Landasan Filosofis Pendidikan; Idealisme, Realisme, Pragmatisme, dan Pancasila

sumber: freepik


Pendidikan…

Pendidikan harus berlandaskan teori-teori yang ada demi kelancaran keberlangsungan dan ketercapaiannya tujuan. Pendidikan dapat diibaratkan sebagai sebuah bangunan. Demi kekokohannya maka bangunan tersebut harus memiliki pondasi yang kuat agar tidak mudah roboh. Bayangkan saja jika pendidikan tidak berpondasi, maka hal yang dipertaruhkan adalah manusia sebagai peserta didiknya.

Menilik sifatnya, pendidikan itu normatif, yang bisa mengacu ke pada agama, hukum, dan filsafat. Ketiga ini dapat memberikan petunjuk yang seharusnya terhadap ketercapaiannya pendidikan ideal. Salah satu landasannya adalah landasan yang diacu dari filsafat, biasa disebut dengan landasan filosofis pendidikan. Terdapat berbagai aliran filsafat pendidikan, yakni idealisme, realisme, pragmatism, dll. Sedangkan negara kita memiliki filsafat nasional tersendiri, yaitu Pancasila.
Lantas alasan apa yang menyebabkan landasan filosofis diperlukan dalam pendidikan di Indonesia? Apa kemungkinan yang akan terjadi jika sistem pendidikan di Indonesia tidak menerapkan filsafat sebagai landasan atau tumpuan? Mari simak hal-hal berikut mengenai apa itu filsafat, sebelum menjawab pertanyaan di atas.

Sebelum Itu, Ketahui Dahulu Apa yang Dimaksud Dengan Filsafat...

Istilah filsafat (philosophy) berasal dari dua suku kata dalam bahasa Yunani Kuno, yaitu philein (cinta) dan sophia (kebijaksanaan). Jadi secara etimologis filsafat adalah cinta kepada kebijaksanaan (Dagobert D. Runes,1981). Adapun secara operasional filsafat mengandung dua pengertian, yakni sebagai proses (berfilsafat) dan sebagai hasil berfilsafat (sistem teori atau pemikiran). Dua dari lima definisi filsafat yang dikemukakan Titus dkk. (1959)  menunjukkan pengertian berikut : “philosophy is a method of reflective thinking and reasoned inquiry: … philosophy is a group of theories or systems of thought”. Adapun menurut (Miarso, 2004) bahwa filsafat adalah rangkaian pernyataan yang didasarkan pada keyakinan, konsepsi, dan sikap seseorang, yang menunjukkan arah atau tujuan yang diambilnya. Menurut KBBI filsafat berarti sikap hidup atau pandangan hidup.

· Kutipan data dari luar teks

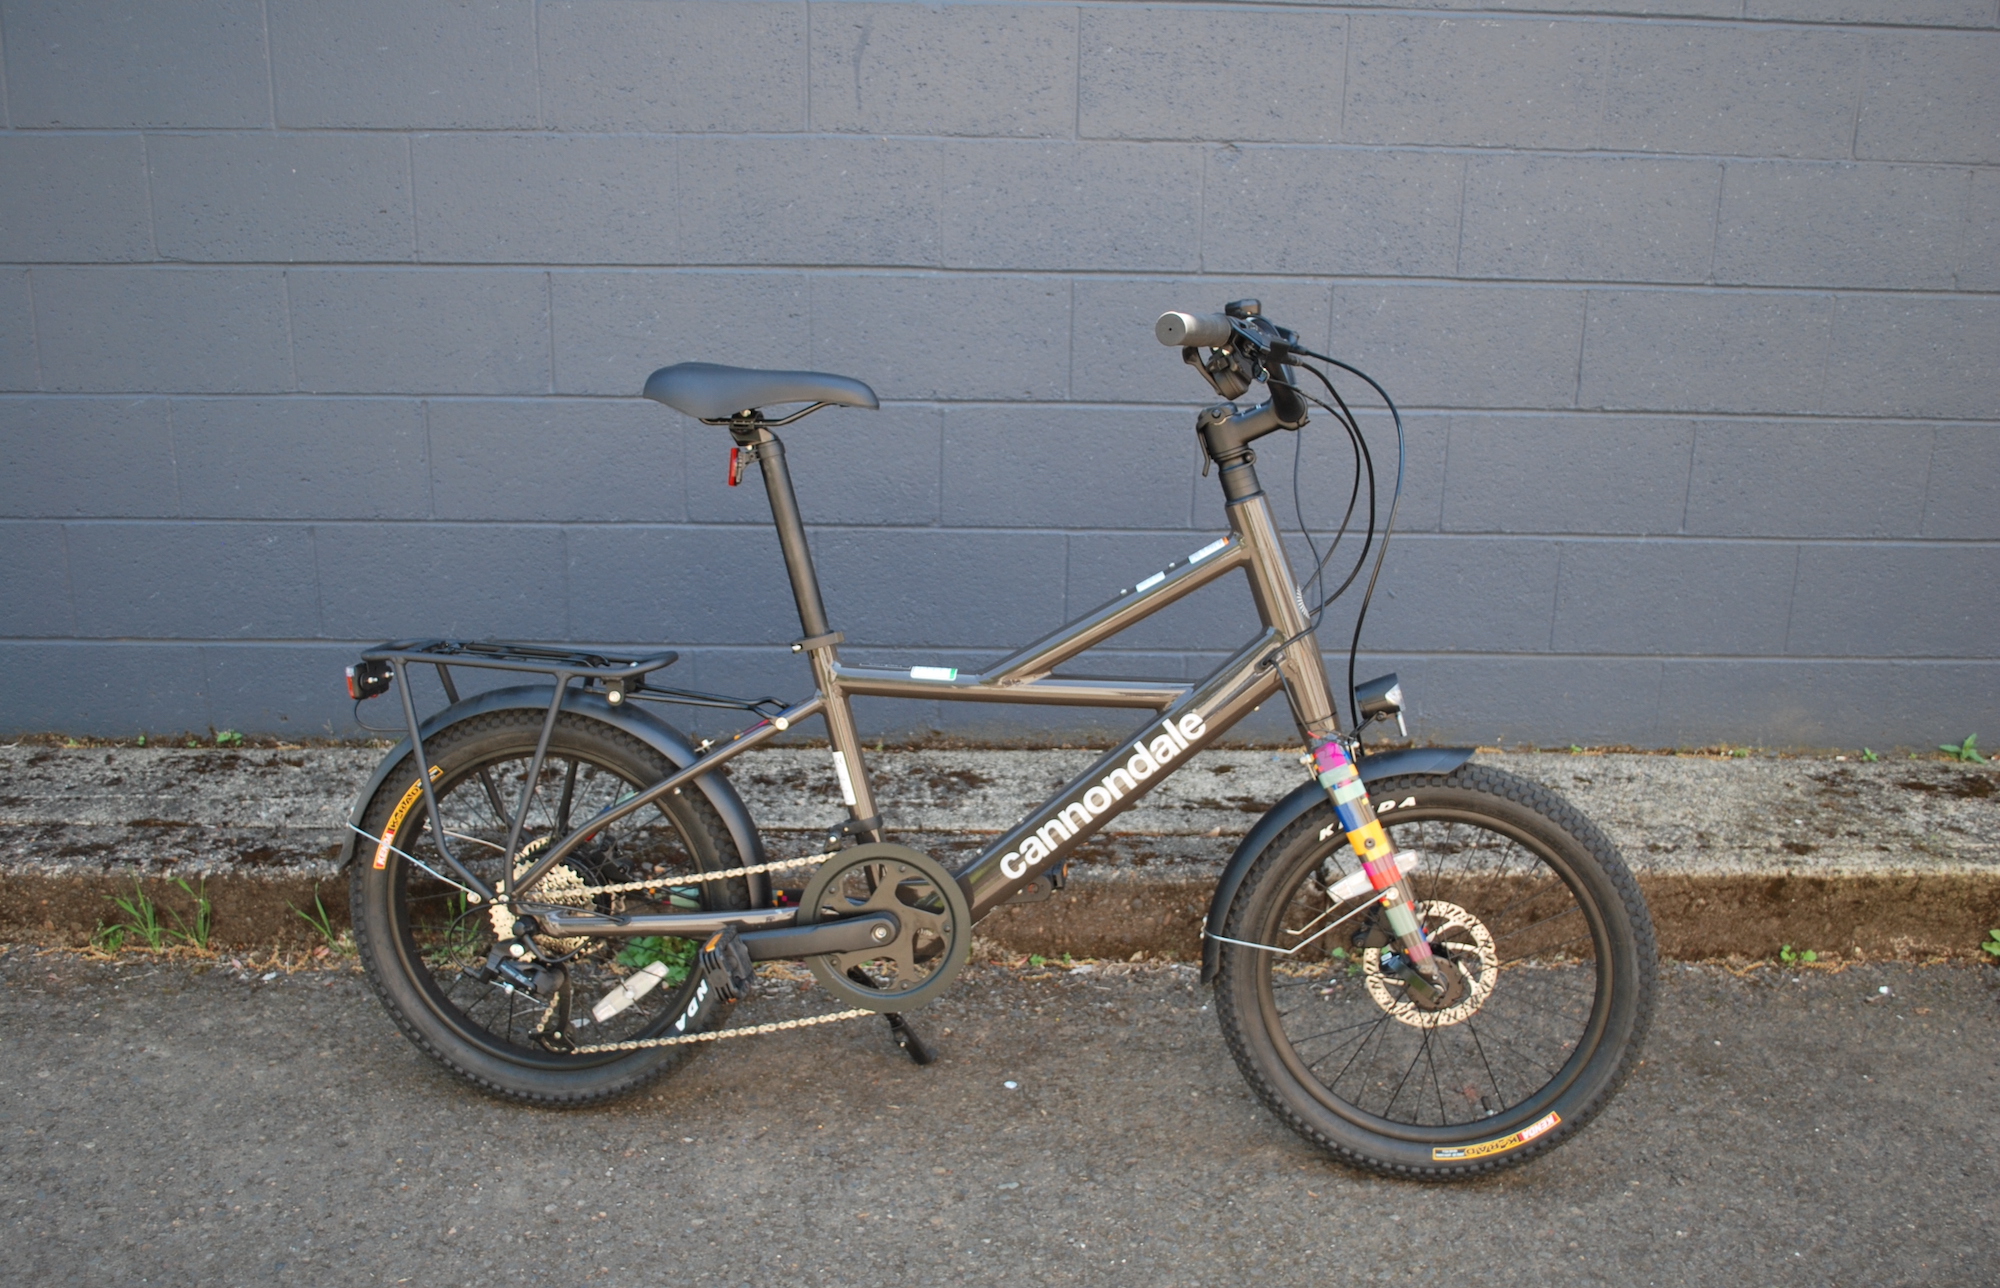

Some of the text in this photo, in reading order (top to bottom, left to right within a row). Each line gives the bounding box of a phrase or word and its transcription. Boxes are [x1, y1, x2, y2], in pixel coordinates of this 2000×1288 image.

[999, 712, 1207, 880] cannondale
[1318, 796, 1417, 842] KDA
[1522, 1114, 1555, 1140] KENDA

Singkatnya, filsafat adalah suatu proses dalam mencari kebenaran yang menggunakan akal dan logika pikiran manusia. Seringkali orang mengatakan bahwa filsafat adalah rahasia, mistis, dan aneh sehingga menyebabkan orang menjadi kafir. Hal ini bertentangan, justrru filsafat hadir untuk mengungkap apa yang rahasia, mistis, dan aneh tersebut. Selain itu, filsafat memang terdiri dari berbagai aliran/ajaran/isi pikiran yang berbeda-beda dan itu adalah hal biasa. Maka pembelajar lah yang harus mengkritisi mana yang benar dan mana yang keliru. Dengan belajar filsafat, ada orang yang merasa keyakinannya diteguhkan, ada pula yang mengalami goncangan keimanan.

“Filsafat itu ibarat api, api dibutuhkan tetapi kita harus pandai-pandai membawa dan menggunakannya agar kita tidak terbakar olehnya” (Syaripudin, 2015)

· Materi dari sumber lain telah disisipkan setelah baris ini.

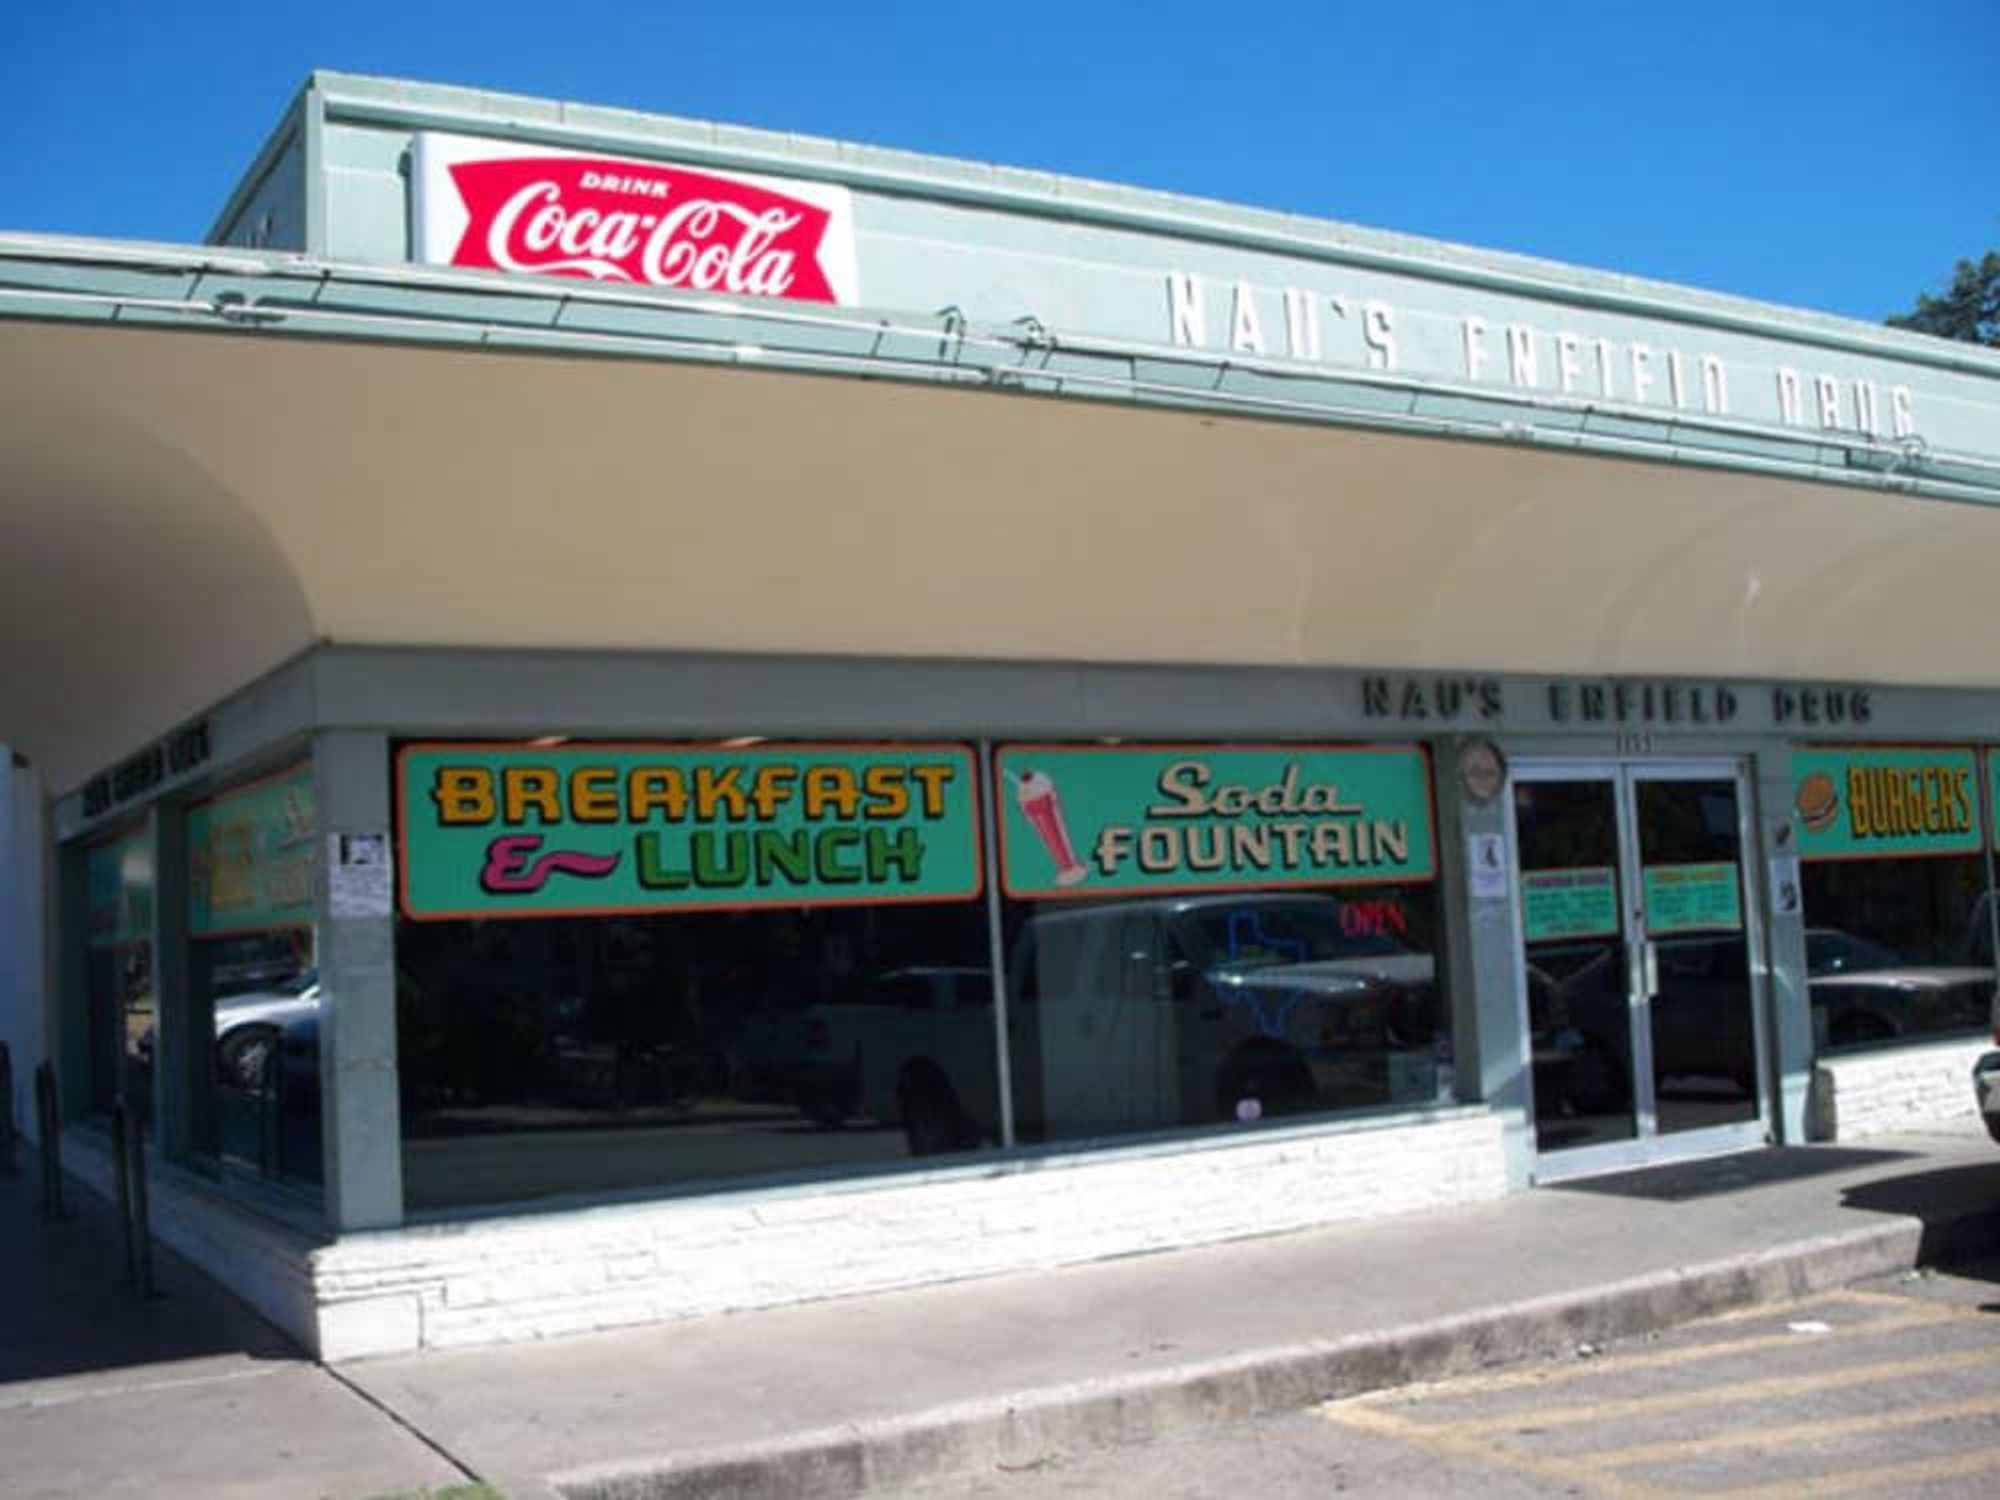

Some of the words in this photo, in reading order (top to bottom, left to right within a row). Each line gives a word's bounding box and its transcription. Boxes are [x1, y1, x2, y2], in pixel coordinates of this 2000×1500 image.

[580, 171, 671, 198] DRINK
[487, 181, 802, 297] Coca-Cola
[1166, 271, 1396, 368] NAU'S
[1360, 676, 1502, 721] NAU'S
[1546, 682, 1740, 725] ENFIELD
[1772, 687, 1873, 724] DRUG
[431, 764, 956, 824] BREAKFAST
[1146, 760, 1364, 818] Soda
[1847, 767, 1972, 840] BURGERS
[481, 833, 621, 893] &
[634, 826, 925, 890] LUNCH
[1093, 820, 1408, 874] FOUNTAIN
[1338, 901, 1408, 937] OPEN

Proses berfilsafat dimulai dari keraguan, ketakjuban, dan hasrat bertanya. Ketika seseorang mengalami keraguan atau ketakjuban maka akan muncul hasrat bertanya pada dirinya. Setelah itu maka ia berfilsafat, mencari kebenaran. Seseorang inilah yang disebut sebagai filsuf. Dalam proses ini, filsuf bukan berpikir bertolak belakang dari asumsi yang sudah ada, melainkan mengkaji ulang (mengkritisi) asumsi tersebut. Kemudian, berfilsafat disebut sebagai berpikir reflektif sistematis, yakni berpikir untuk memecahkan masalah yang dihadapi melalui prosedur tertentu. Jika semisal ada orang yang mengalami goncangan keimanan ketika sudah mempelajari filsafat, bisa jadi ia hanya mempelajari sebagiannya saja tanpa menyusuri semua rangkaiannya. Lalu, hasil berfilsafat ini adalah subjektif, karena pengalaman hidup yang dialami oleh filsuf akan memengaruhi proses berpikir ketika mencari jawaban terhadap permasalahan yang dihadapinya.

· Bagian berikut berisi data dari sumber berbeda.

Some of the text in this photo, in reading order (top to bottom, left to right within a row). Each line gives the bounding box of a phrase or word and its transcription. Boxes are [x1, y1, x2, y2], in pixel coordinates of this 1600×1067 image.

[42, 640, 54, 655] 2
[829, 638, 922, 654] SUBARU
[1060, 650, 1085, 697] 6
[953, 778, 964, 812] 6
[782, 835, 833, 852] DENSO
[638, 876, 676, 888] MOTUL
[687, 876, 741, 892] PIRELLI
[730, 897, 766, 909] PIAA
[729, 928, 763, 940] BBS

Berdasarkan  objek yang dipelajarinya filsafat dapat diklasifikasi ke dalam filsafat umum atau filsafat murni, cabangnya terdiri atas :
  1. Metafisika, yang meliputi : (1) Metafisika umum atau Ontologi, dan (2) Metafisika khusus yang meliputi cabang: (a) Kosmologi, (b) Teologi, dan (c) Antropologi. Metafisika merupakan cabang filsafat yang memuat suatu bagian dari persoalan filsafat yang membicarakan tentang prinsip-prinsip yang paling universal, sesuatu yang bersifat keluarbiasaan (beyond nature), karakteristik hal-hal yang sangat mendasar, yang di luar pengalaman manusia (immudiate experience), pandangan yang komprehensif tentang segala sesuatu, dan persoalan-persoalan seperti : hubungan akal  dengan benda, hakikat perubahan, pengertian tentang kemerdekaan, wujud Tuhan, kehidupan setelah mati dan lainnya. 
  2. Epistemologi (teori Pengetahuan); Persoalan epistemologi berkaitan erat dengan persoalan metafisika. Bedanya persoalan epistemologi berpusat pada “apakah yang ada?” yang di dalamnya memuat: Problem asal pengetahuan (origin), problem penampilan (appearance), dan problem mencoba kebenaran (verification)
  3. Logika; Logika adalah bidang pengetahuan yang mempelajari segenap asas, aturan, dan tatacara penalaran yang betul. Dewasa ini logika telah menjadi bidang pengetahuan yang amat luas yang tidak lagi semata-mata bersifat filsafati, tetapi bercorak teknis dan ilmiah.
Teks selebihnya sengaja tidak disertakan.